Melancholy were the sounds on a winter’s night

The cold season is arriving in Texas, which will inevitably cause a cutback in my operating. All my operation is from the truck, and gasoline is too expensive to run the engine to heat the truck, even when I am using AC power for the radio and antenna.

I will still operate “mobile in motion” from the truck, but that is only a fraction of the available time.

Meanwhile, I am up to 82 DXCC entities confirmed but stuck at 45 states, since Kentucky and West Virginia came in. I had hoped to finish basic DXCC and basic WAS before winter curtailed the operating, but it looks like that will be difficult.

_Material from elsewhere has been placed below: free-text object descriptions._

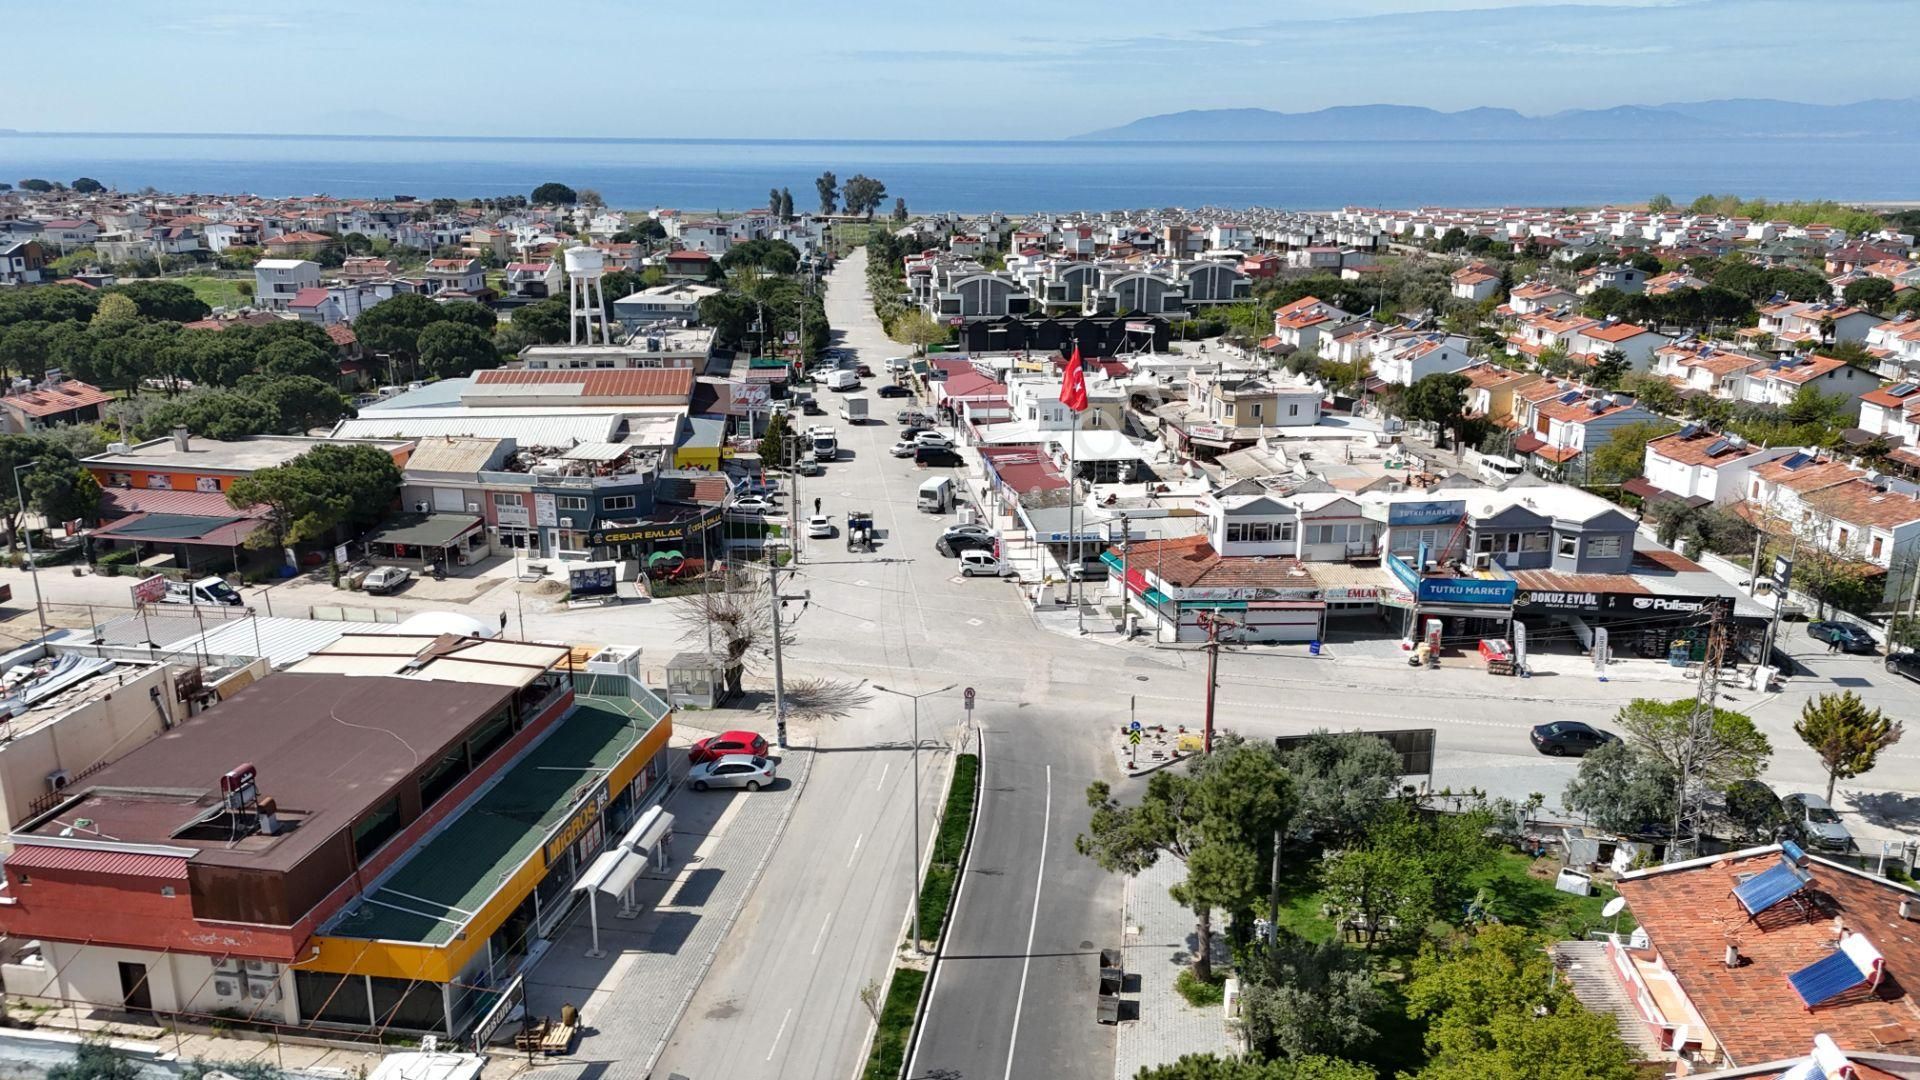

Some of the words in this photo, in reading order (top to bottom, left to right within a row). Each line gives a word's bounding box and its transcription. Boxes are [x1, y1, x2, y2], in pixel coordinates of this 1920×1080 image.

[1399, 509, 1425, 518] TUTKU
[1427, 508, 1457, 517] MARKET
[605, 531, 643, 542] CESUR
[644, 528, 683, 540] EMLAK
[1347, 588, 1379, 598] EMLAK
[1430, 585, 1463, 595] TUTKU
[1465, 586, 1507, 596] MARKET
[1530, 591, 1565, 604] DOKUZ
[1653, 598, 1703, 611] Polisan

New York and Vermont were worked during Sweepstakes, and the stations are LOTW users, so there’s still hope that they will upload some logs and get in the books. That will leave Arkansas, Mississippi, and Nebraska to finish all 50.

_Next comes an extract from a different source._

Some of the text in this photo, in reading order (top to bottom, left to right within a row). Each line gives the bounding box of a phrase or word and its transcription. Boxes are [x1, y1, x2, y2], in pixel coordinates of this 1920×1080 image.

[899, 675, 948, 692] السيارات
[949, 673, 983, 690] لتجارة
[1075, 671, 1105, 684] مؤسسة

I will keep trying, you never know what might happen.

Here’s something I’m happy about:

I think I will print up a card and get it in the mail to Germany for this one.

Update: As I expected, within 30 minutes of posting this, one of the SS stations confirmed New York. So that’s 46 states, 4 to go.

Posted in Operating | Comments Off

Patience pays

Up to 80 countries confirmed in LOTW: ZD8ZZ just came through for Ascension Island.

Still waiting for New York and Vermont QSLs.

I am working more digital to fill in some Triple Play slots, JT65 and RTTY. Yesterday I worked California and Japan; today I worked California and Guam.

Posted in Operating | Comments Off

Logbook of the Wait

So nowadays you can upload to LOTW or, if you’re really in a hurry for a confirmation, you can mail a QSL card.

Posted in Radio Daze | Comments Off

Just twiddling the thumbs

Uploaded my logs to LOTW, now I have to paint a bedroom. I’ll watch the paint dry while LOTW does its thing.

(Later…)
Okay the paint is dry. And LOTW hasn’t made it to my logs yet.

(Sigh)

Posted in Radio Daze | Comments Off

CW Sweepstakes

Well, that was grueling. 137 QSOs, 55 sections, for a claimed score of 15,070. I let N1MM Logger do all the driving for this contest, so I could try out the CW interface I built. It worked quite well, but it’s disconcerting to be in a CW contest and have the paddles sitting on the floor of the truck, disconnected.

I managed to work 2 states I need for WAS, which will bring the needed states down to 5, if they upload to LOTW.

I have found a way to load the Cabrillo file from the logger into a spreadsheet and output it as a comma separated file that can be edited into an SQL command file to load my contest QSOs into the PHPLogbook. So they’re all in there.

Posted in Operating | Comments Off

Fatal error: initializeLOTWDB: -709 – CONNECT: (protocol error)

LOTW is having problems with the CQ WW log influx.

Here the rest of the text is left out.